> _ACTIVITY_
The records below are to be returned word for word, with pictures left out.

> _EXTRACTED INFORMATION_
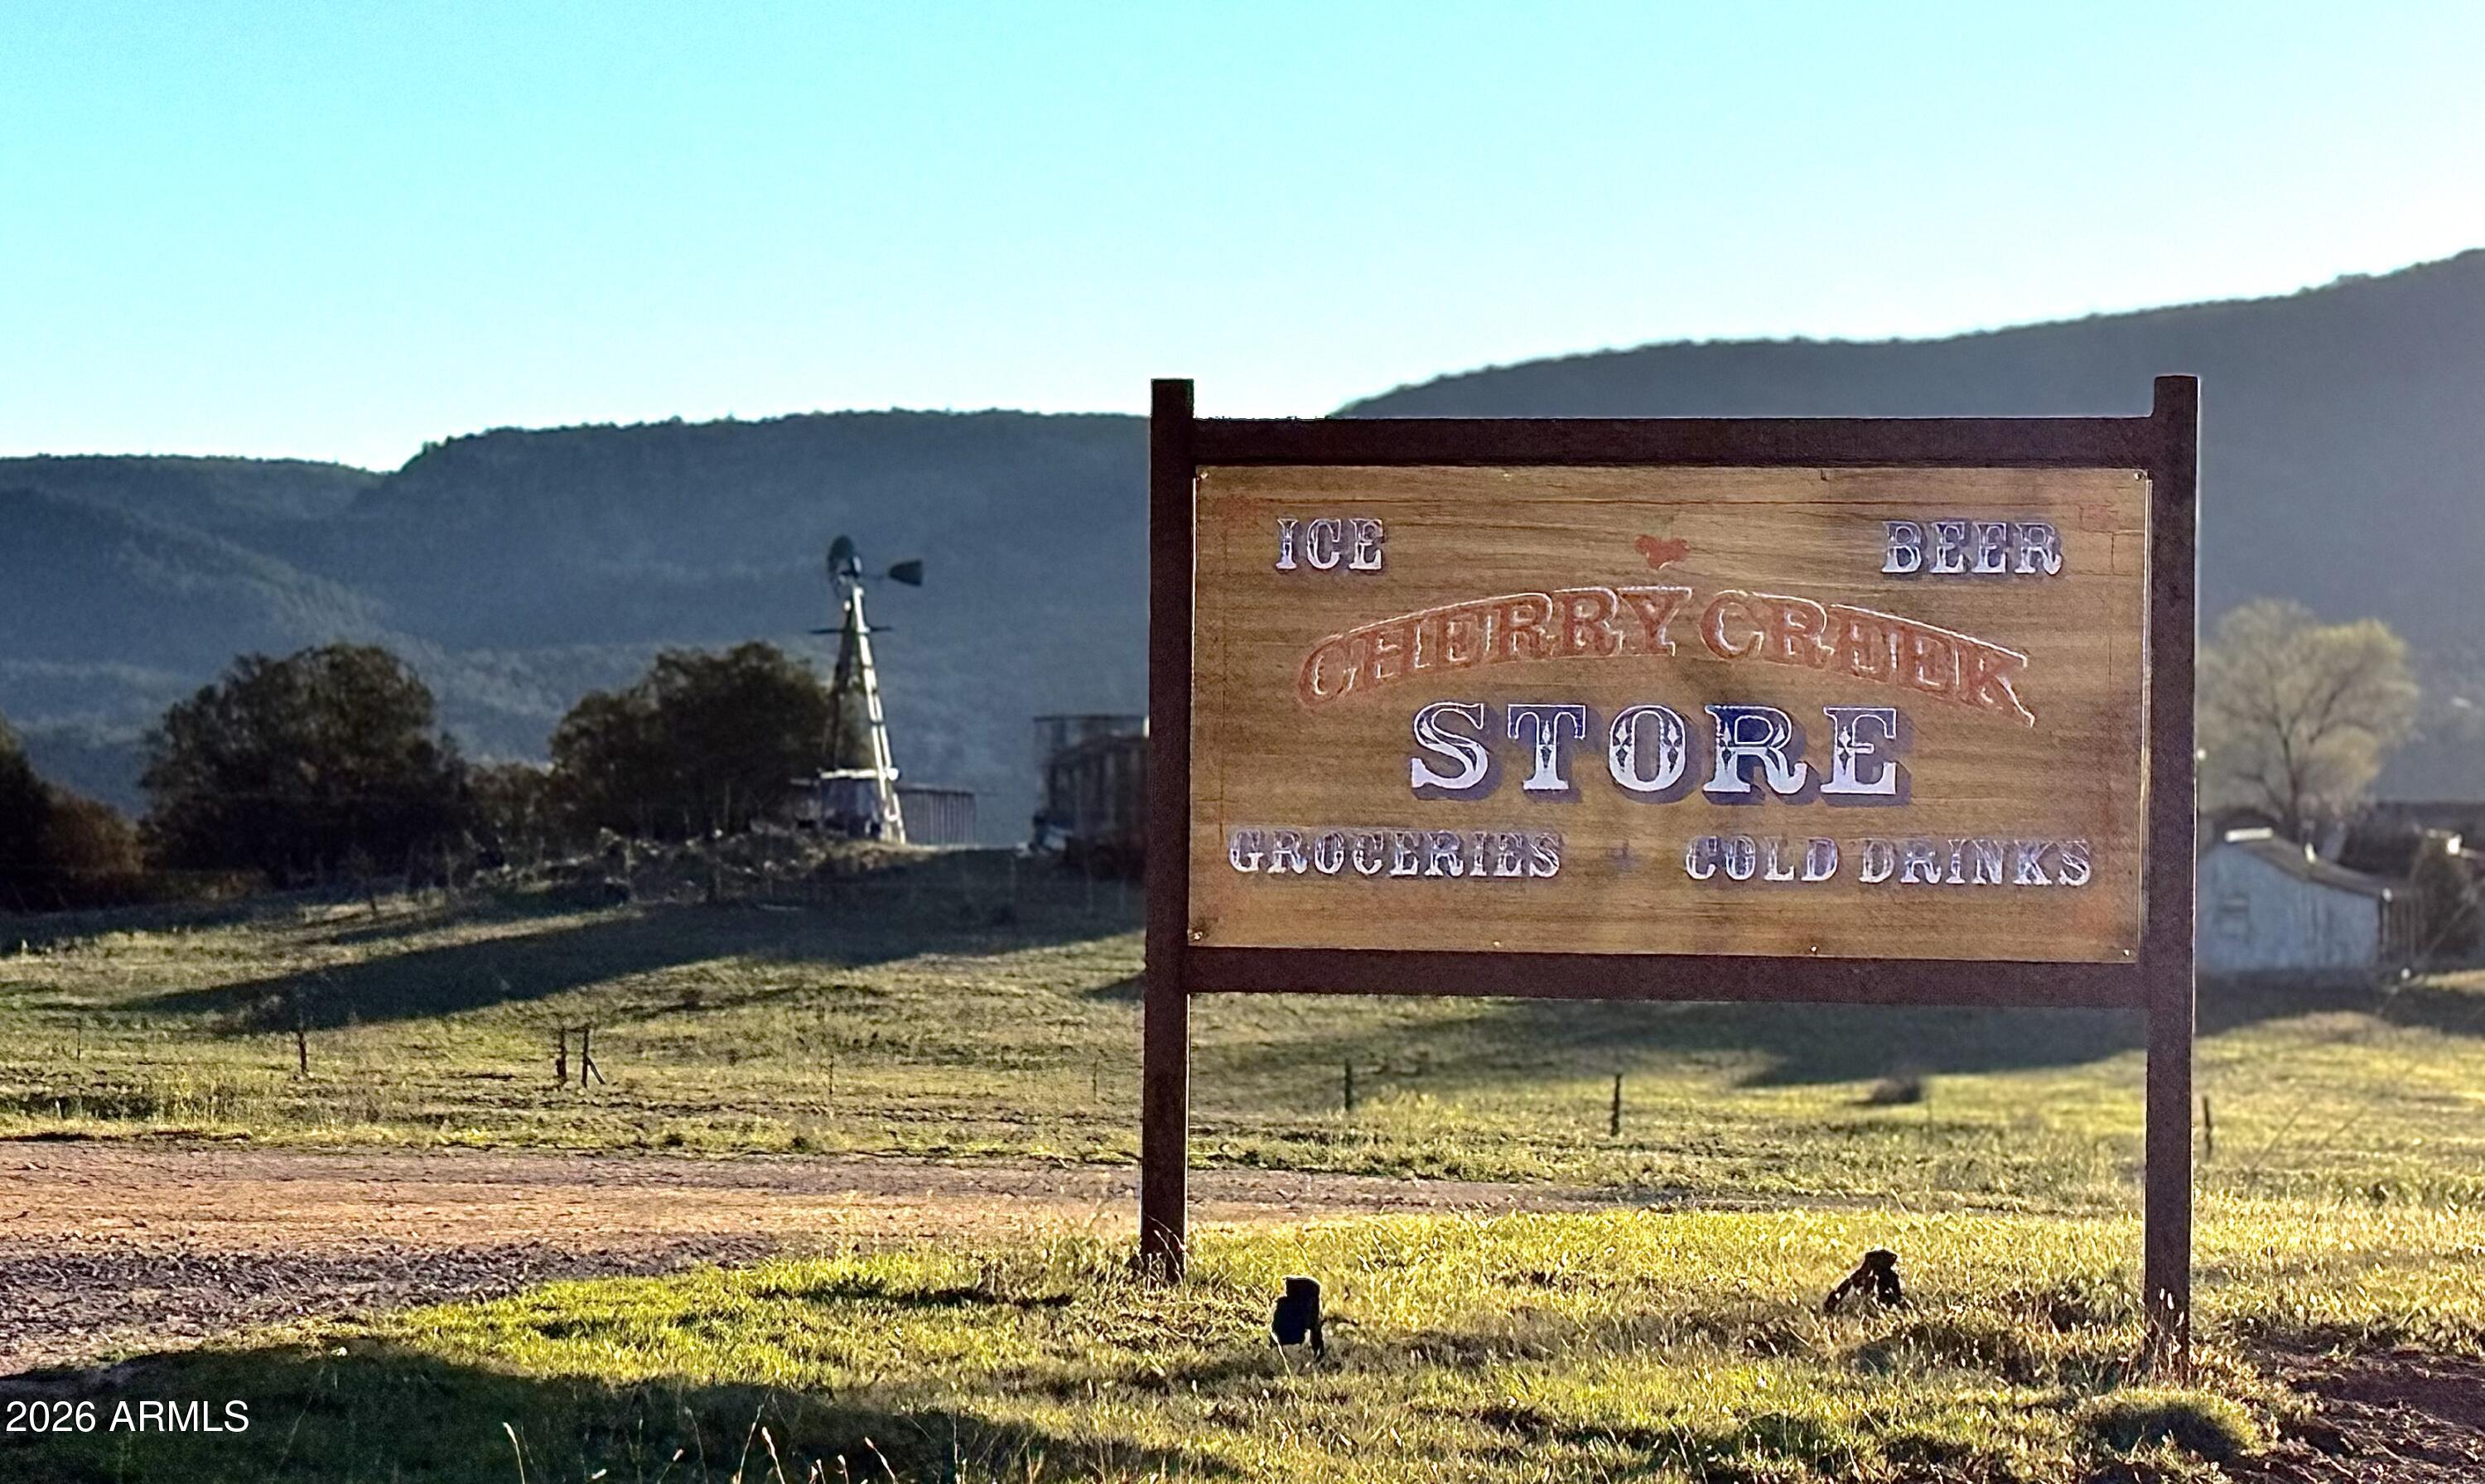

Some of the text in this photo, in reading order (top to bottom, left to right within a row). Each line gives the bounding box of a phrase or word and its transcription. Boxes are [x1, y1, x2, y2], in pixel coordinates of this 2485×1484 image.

[1275, 517, 1385, 571] ICE
[1880, 520, 2064, 575] BEER
[1297, 585, 2034, 727] CHERRY CREEK
[1411, 701, 1898, 795] STORE
[1228, 828, 1562, 879] GROCERIES
[1684, 835, 2093, 888] COLD DRINKS
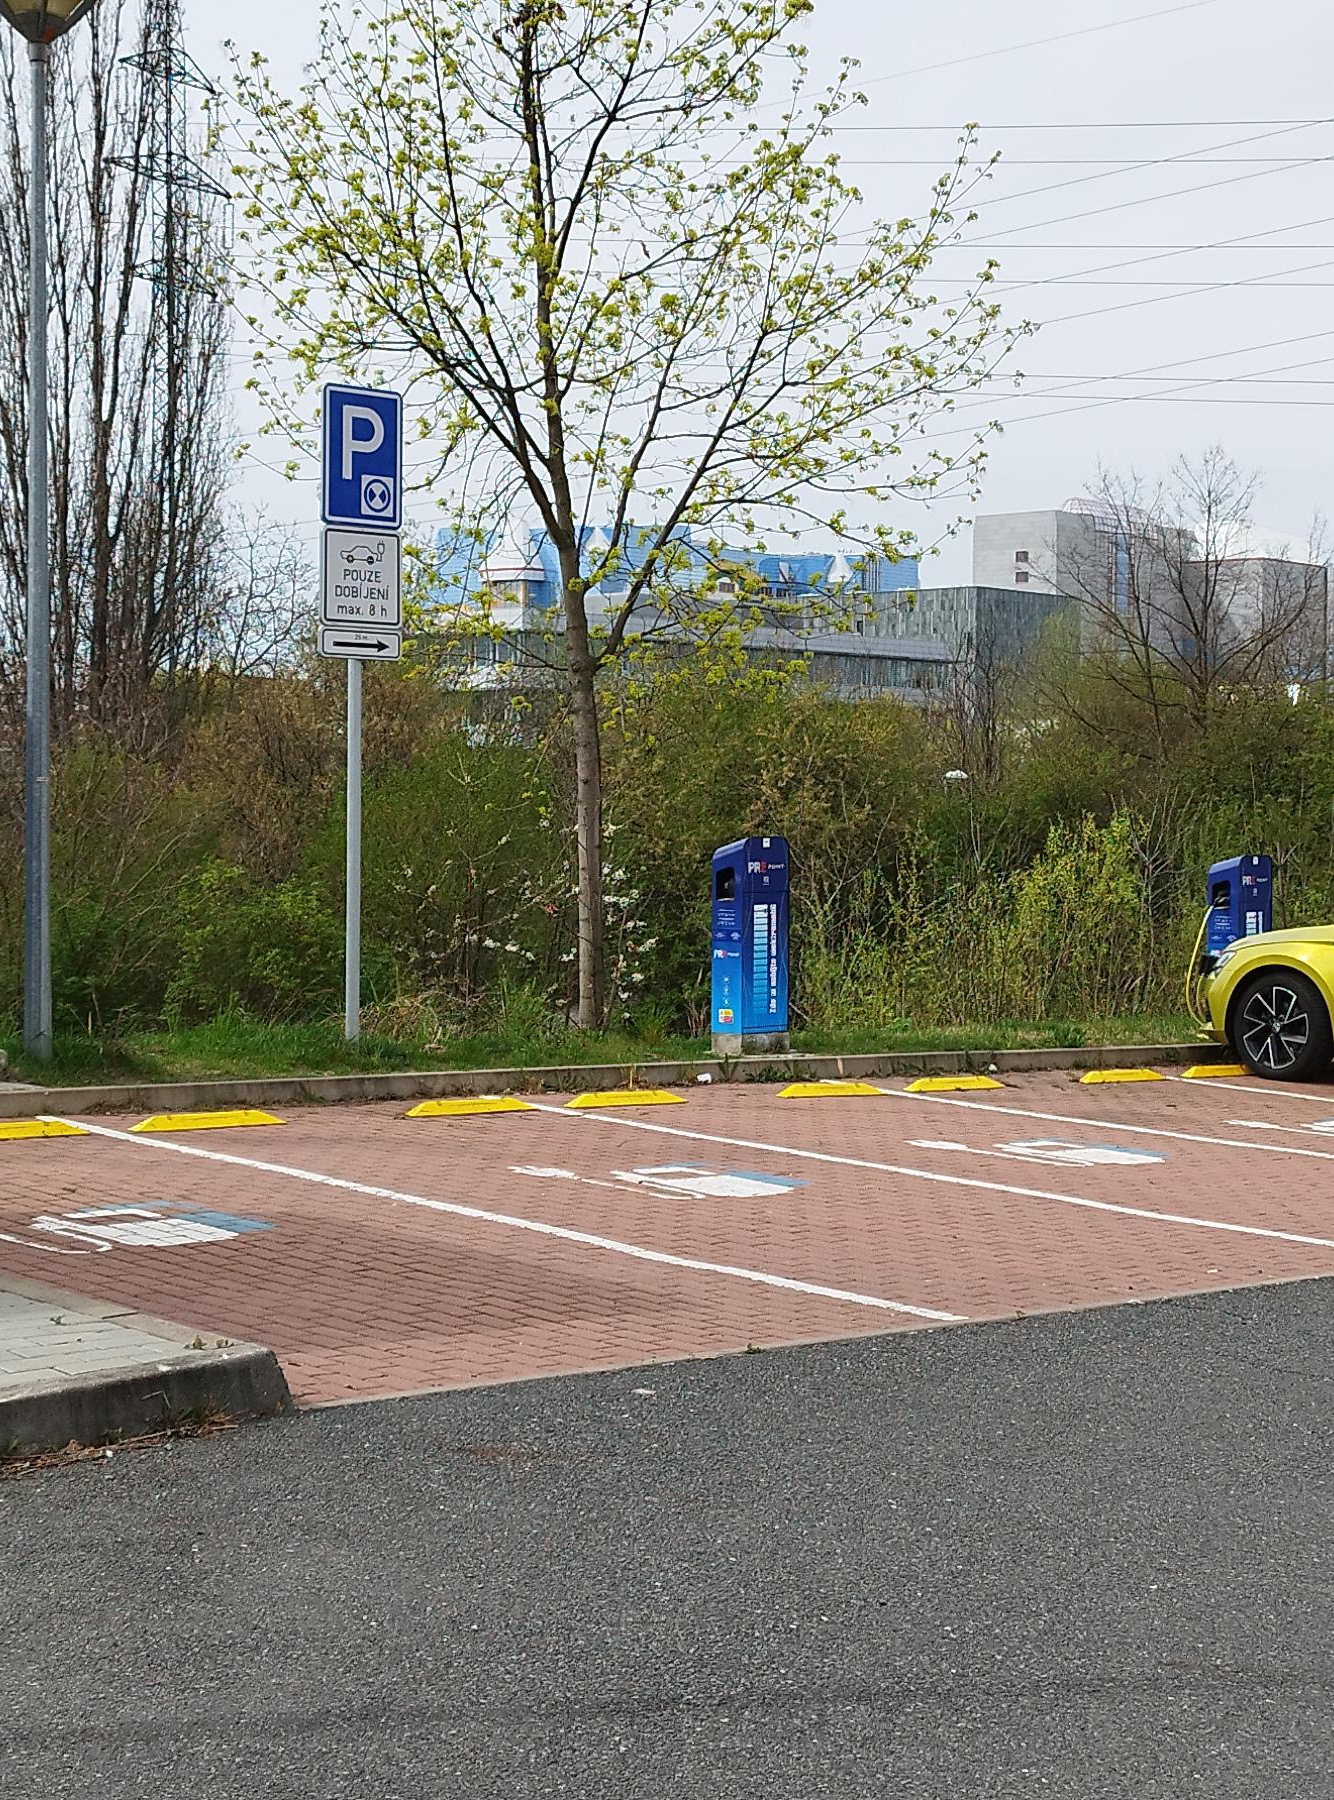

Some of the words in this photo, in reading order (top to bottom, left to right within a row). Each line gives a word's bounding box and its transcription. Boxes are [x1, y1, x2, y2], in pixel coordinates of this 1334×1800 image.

[342, 404, 385, 480] P
[343, 568, 382, 583] POUZE
[334, 581, 390, 600] DOBÍJENÍ
[337, 604, 364, 616] max.
[369, 603, 376, 616] 8
[380, 604, 387, 617] h
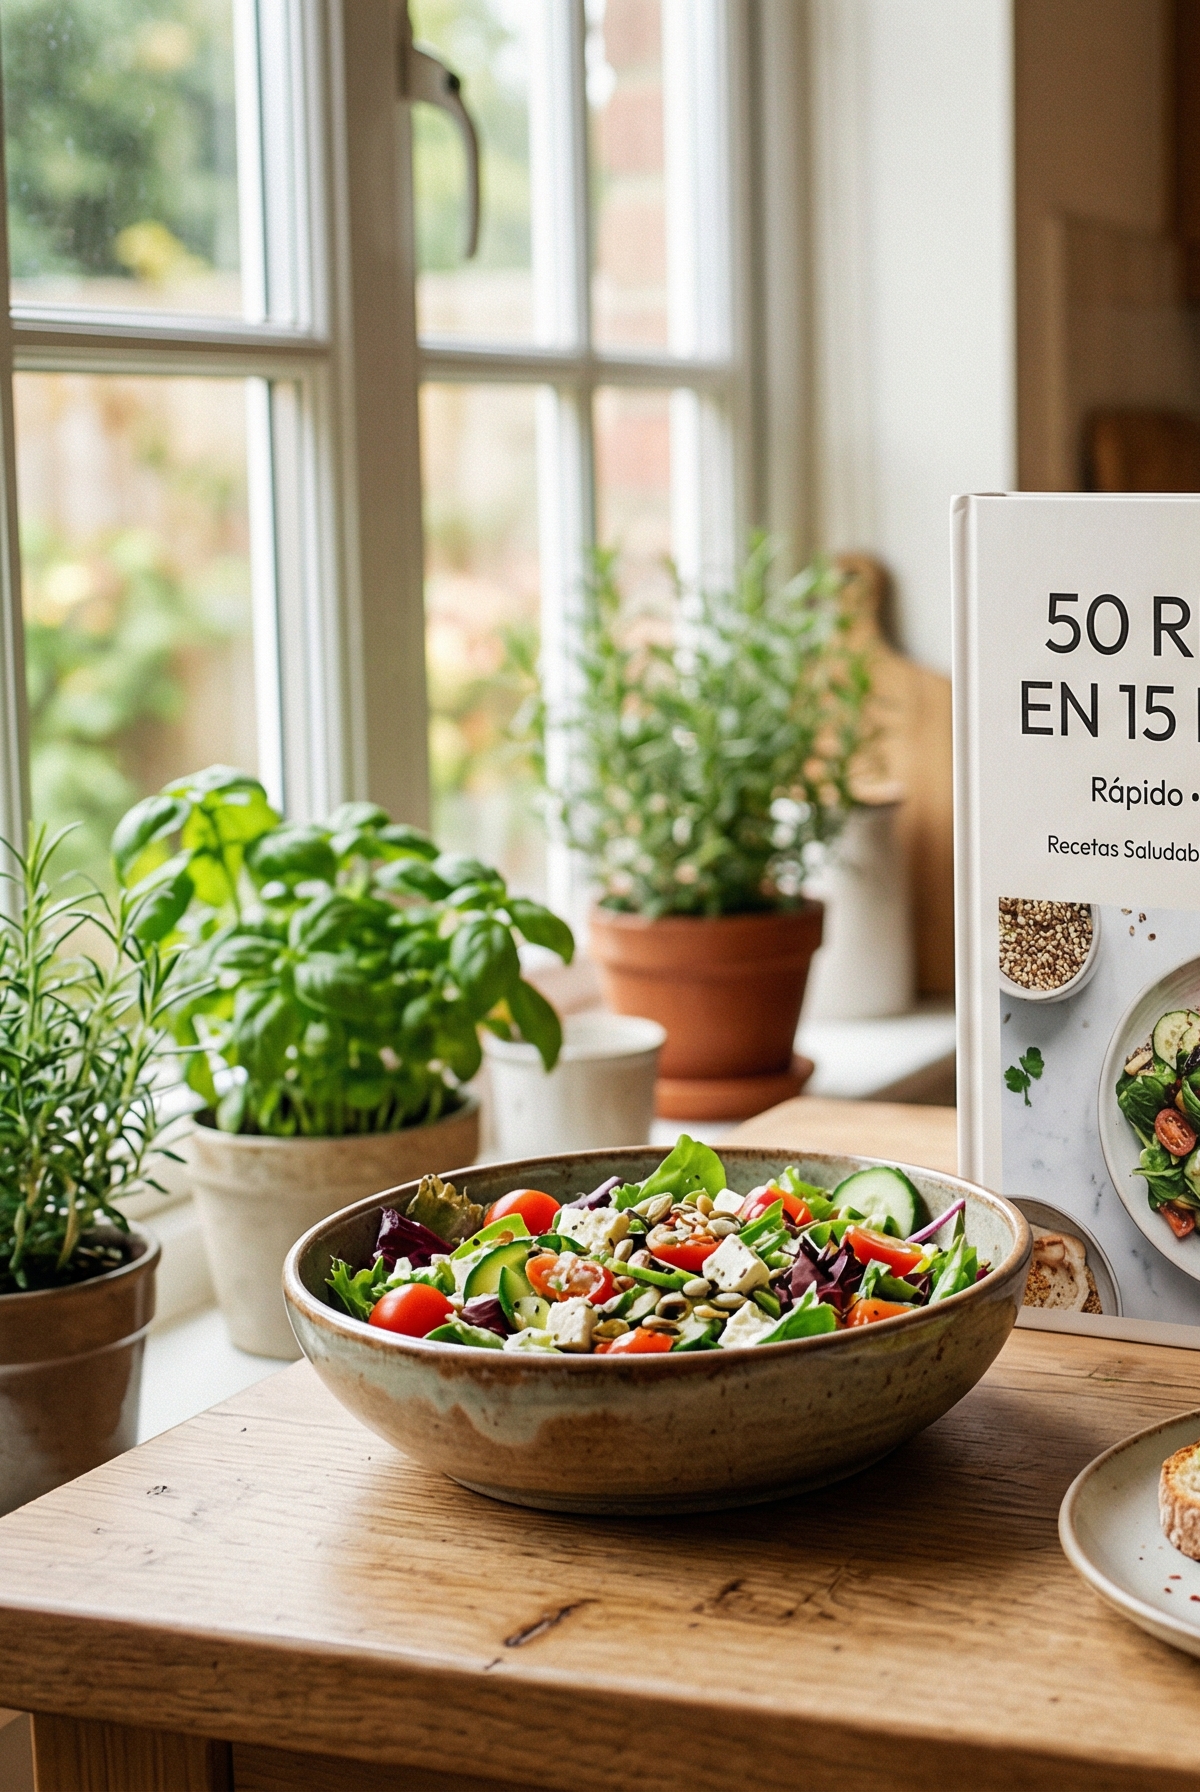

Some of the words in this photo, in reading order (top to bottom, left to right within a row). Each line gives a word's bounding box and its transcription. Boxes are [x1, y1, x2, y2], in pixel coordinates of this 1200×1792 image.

[1044, 592, 1130, 656] 50
[1020, 680, 1099, 738] EN
[1118, 684, 1177, 742] 15
[1091, 776, 1184, 811] Rápido
[1047, 834, 1119, 858] Recetas

> _TASK OUTPUT_
Some of the text in this photo, in reading order (top to bottom, left to right within a row). Each line gives the bounding box of a phrase or word and its transcription. Boxes are [x1, y1, x2, y2], in pixel coordinates of this 2485×1484 image.

[1275, 517, 1385, 571] ICE
[1880, 520, 2064, 575] BEER
[1297, 585, 2034, 727] CHERRY CREEK
[1411, 701, 1898, 795] STORE
[1228, 828, 1562, 879] GROCERIES
[1684, 835, 2093, 888] COLD DRINKS

Some of the words in this photo, in reading order (top to bottom, left to right within a row). Each line gives a word's bounding box and its transcription. Boxes are [x1, y1, x2, y2], in pixel coordinates of this 1334×1800 image.

[342, 404, 385, 480] P
[343, 568, 382, 583] POUZE
[334, 581, 390, 600] DOBÍJENÍ
[337, 604, 364, 616] max.
[369, 603, 376, 616] 8
[380, 604, 387, 617] h

Some of the words in this photo, in reading order (top to bottom, left to right within a row). Each line gives a word's bounding box and its transcription. Boxes are [x1, y1, x2, y2], in pixel coordinates of this 1200×1792 image.

[1044, 592, 1130, 656] 50
[1020, 680, 1099, 738] EN
[1118, 684, 1177, 742] 15
[1091, 776, 1184, 811] Rápido
[1047, 834, 1119, 858] Recetas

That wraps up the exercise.